With the new school year beginning Aug. 30, Jost is short 10 nurses. The district will likely fill the positions with "traveling" nurses from a temp agency, which increases costs by 20 percent, Jost said.
School nurses are on the same licensed personnel pay scale as teachers. The starting salary for a new nurse is $33,000.
"We can't compete with the private sector on salaries, but we offer a good work schedule, vacations and benefits," Jost said.
The Clark County School Board will be asked Thursday to consider developing vacant land for teacher housing, after district officials took a field trip to visit such a project in California.
George Ann Rice, associate superintendent of human resources for the School District, traveled to Irvine, where median home prices top $700,000. Faculty at the University of California campus there can get a price break, however, because they can buy houses built on land owned by the university system.

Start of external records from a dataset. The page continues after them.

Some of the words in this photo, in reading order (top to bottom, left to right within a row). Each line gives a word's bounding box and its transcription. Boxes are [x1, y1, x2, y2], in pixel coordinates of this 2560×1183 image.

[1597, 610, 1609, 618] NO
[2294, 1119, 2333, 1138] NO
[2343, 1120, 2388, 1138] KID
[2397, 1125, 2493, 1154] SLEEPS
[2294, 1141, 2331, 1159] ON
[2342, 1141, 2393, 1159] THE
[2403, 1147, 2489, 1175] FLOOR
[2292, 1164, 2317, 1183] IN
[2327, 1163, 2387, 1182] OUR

Thanks to that subsidy, about 60 percent of UC Irvine's faculty have opted to live in the University Hills community and 80 percent of new faculty are on the waiting list, Rice said.
The project was successfully duplicated by UC Channel Islands. School districts in California are considering following the university system's lead.

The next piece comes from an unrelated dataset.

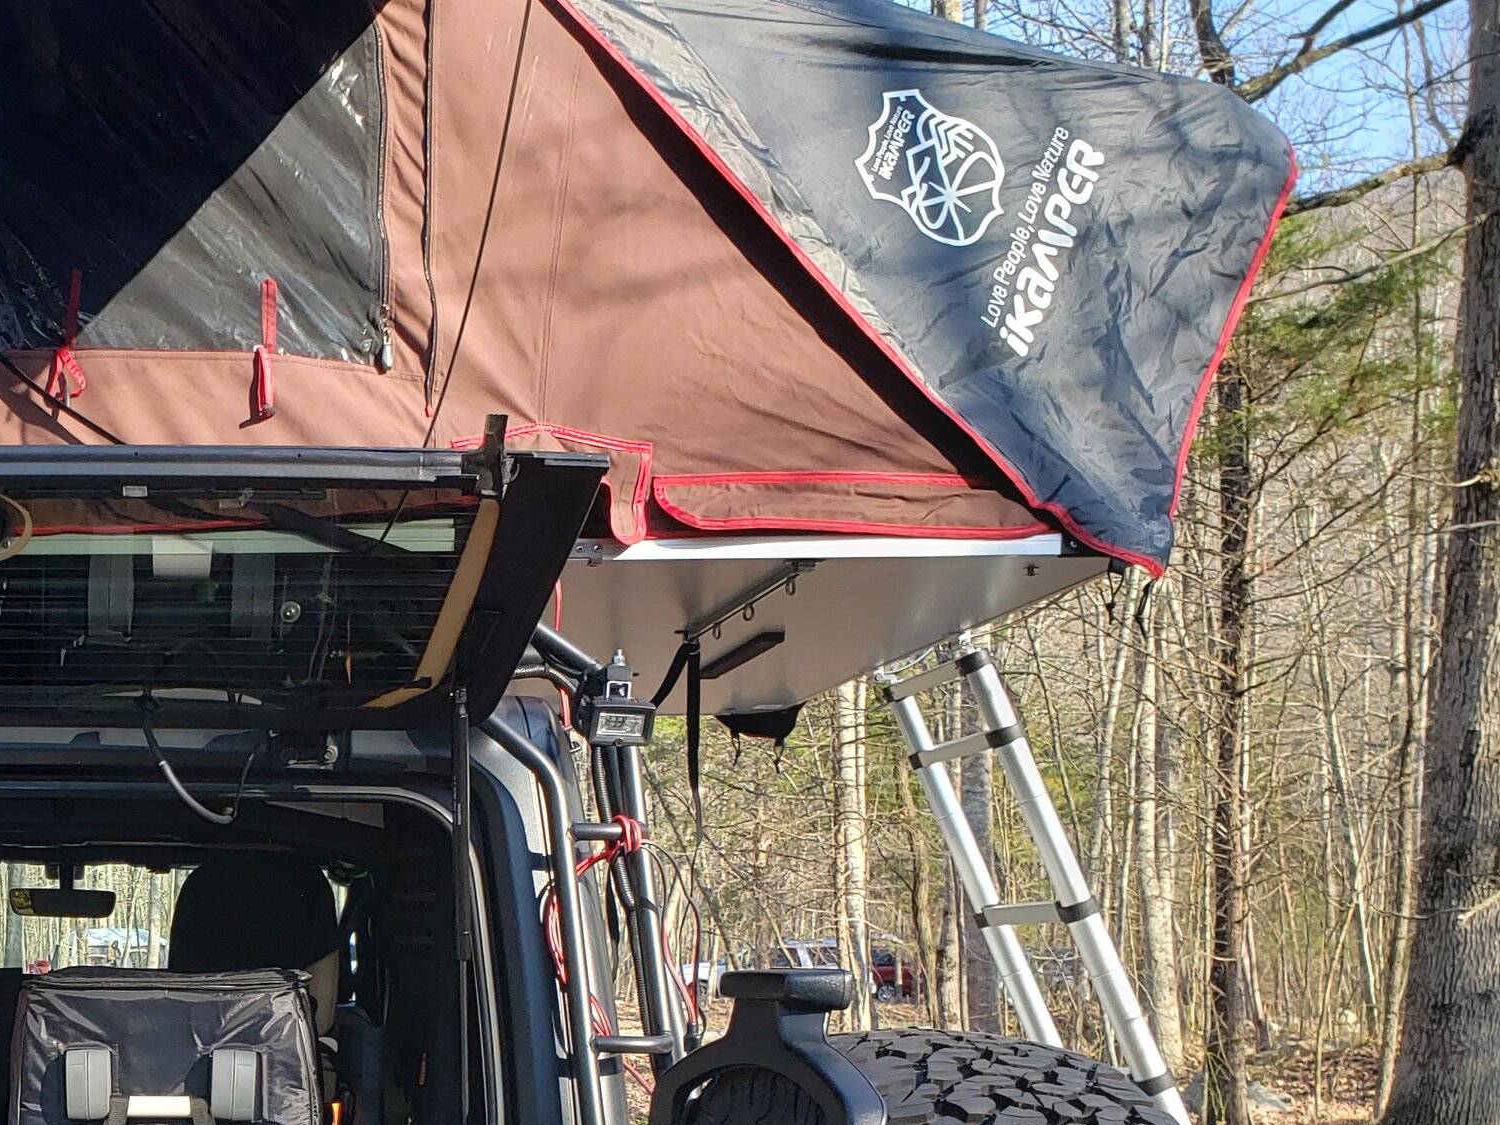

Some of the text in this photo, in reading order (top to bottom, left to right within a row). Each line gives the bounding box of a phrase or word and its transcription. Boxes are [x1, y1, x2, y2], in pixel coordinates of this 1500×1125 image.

[981, 126, 1070, 329] Love People, Love Nature

Rice will ask the School Board to consider four vacant parcels of land as possible locations for teacher housing.
Unlike the California developments adjacent to university campuses, Rice will ask the School Board to consider several locations throughout Clark County. Ideally the developments would have a mix of houses, condominiums and apartments, Rice said.

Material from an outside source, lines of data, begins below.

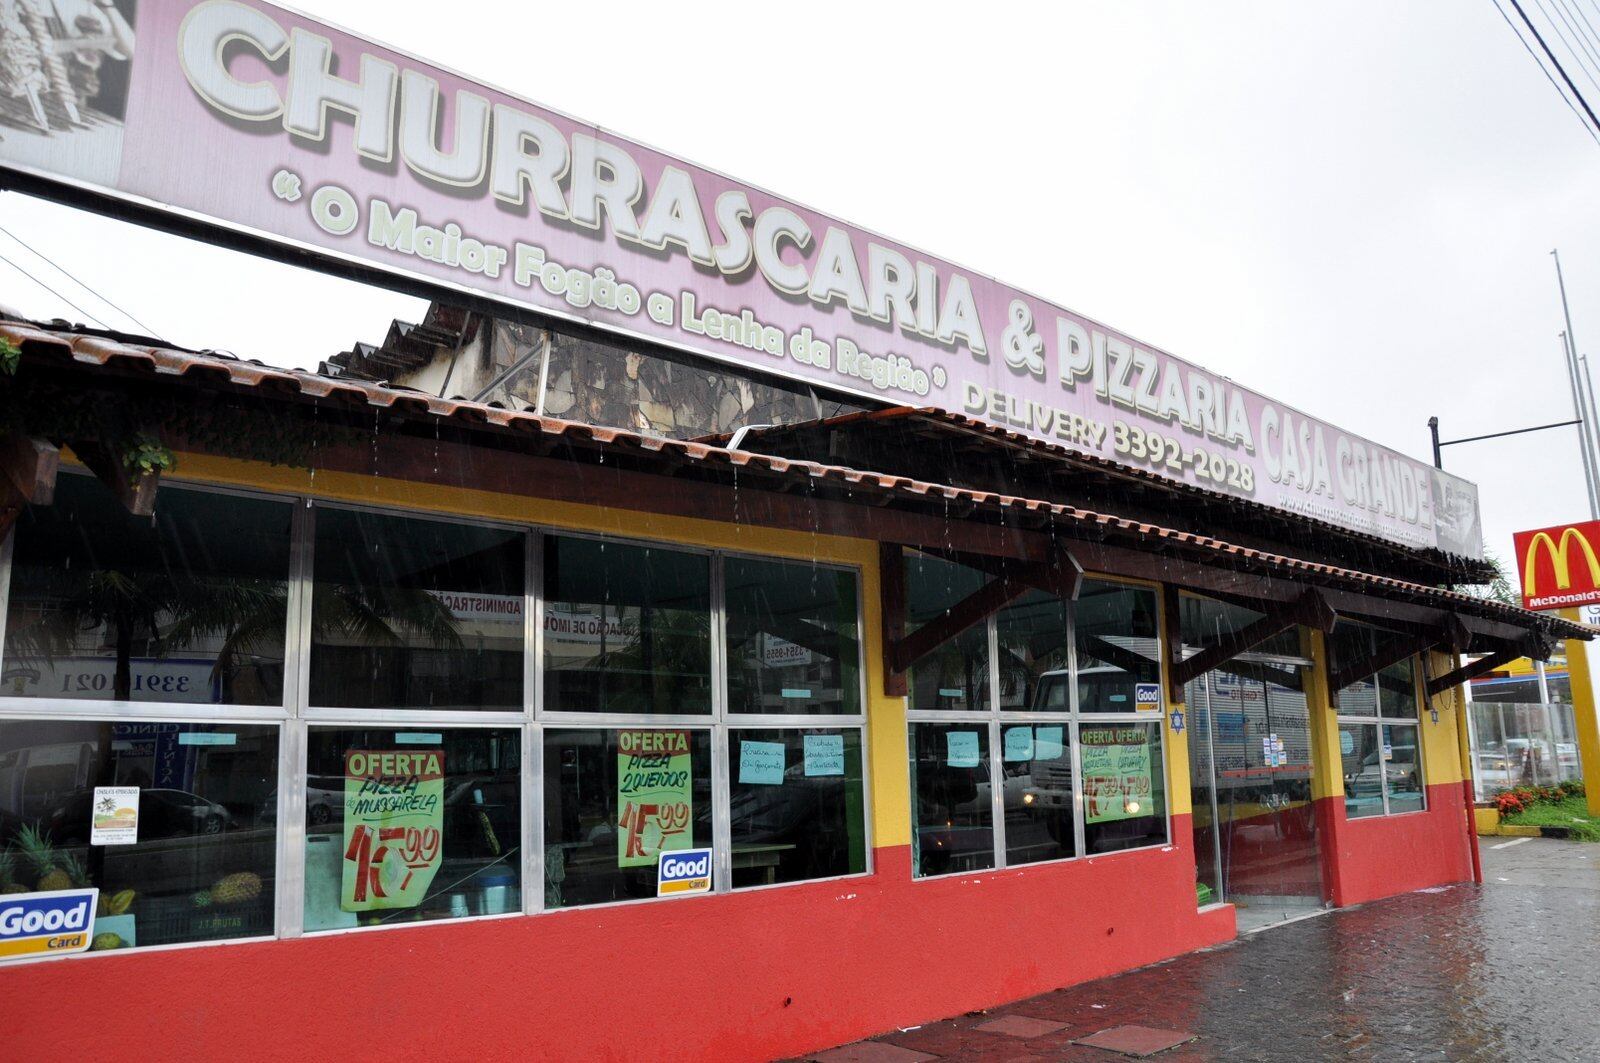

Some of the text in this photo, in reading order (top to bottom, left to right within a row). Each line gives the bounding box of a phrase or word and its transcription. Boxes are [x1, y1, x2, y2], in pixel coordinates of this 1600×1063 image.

[177, 0, 1432, 530] CHURRASCARIA & PIZZARIA CASA GRANDE
[367, 200, 506, 278] Maior
[515, 241, 640, 316] Fogão
[648, 293, 673, 325] a
[682, 292, 784, 358] Lenha
[790, 327, 831, 368] da
[837, 345, 929, 395] Região
[963, 381, 1255, 493] DELIVERY 3392-2028
[1530, 590, 1600, 607] McDonald's
[1137, 689, 1158, 701] Good
[619, 732, 689, 751] OFERTA
[1081, 729, 1146, 744] OFERTA OFERTA
[348, 753, 441, 776] OFERTA
[628, 753, 671, 770] PIZZA
[358, 774, 420, 796] PIZZA
[353, 793, 438, 816] MUSSARELA
[662, 857, 707, 878] Good
[689, 879, 706, 889] Card
[0, 902, 87, 935] Good
[47, 936, 81, 948] Card

"A lot of the teachers moving here, especially those right out of college, won't be prepared for, or interested in, buying a home," Rice said. "We need to make sure there's accessible housing for them as well."
Principals and teachers are scheduled to begin moving into the first of nine new schools next week.
Legacy High School will open its doors first, followed by Wright, Ward, Hayden, Thompson and Steele elementary schools. Johnston Middle School is scheduled Aug. 7.
The replacement Rancho High School is complete and staff is already moving in, said Fred Smith, construction manager for the School District. Construction of Schorr Elementary School and Tarkanian Middle School is behind schedule, Smith said.
At Schorr, there was a delay getting final approval from the county for access roads. At Tarkanian, the district bumped heads with nearby developers over drainage issues, but the Southern Highlands campus is expected to open on schedule.
Thiriot Elementary School opened three weeks late in 2005 because of construction and design-related delays.
It was the first time in more than a decade that one of the district's new schools was not completed in time .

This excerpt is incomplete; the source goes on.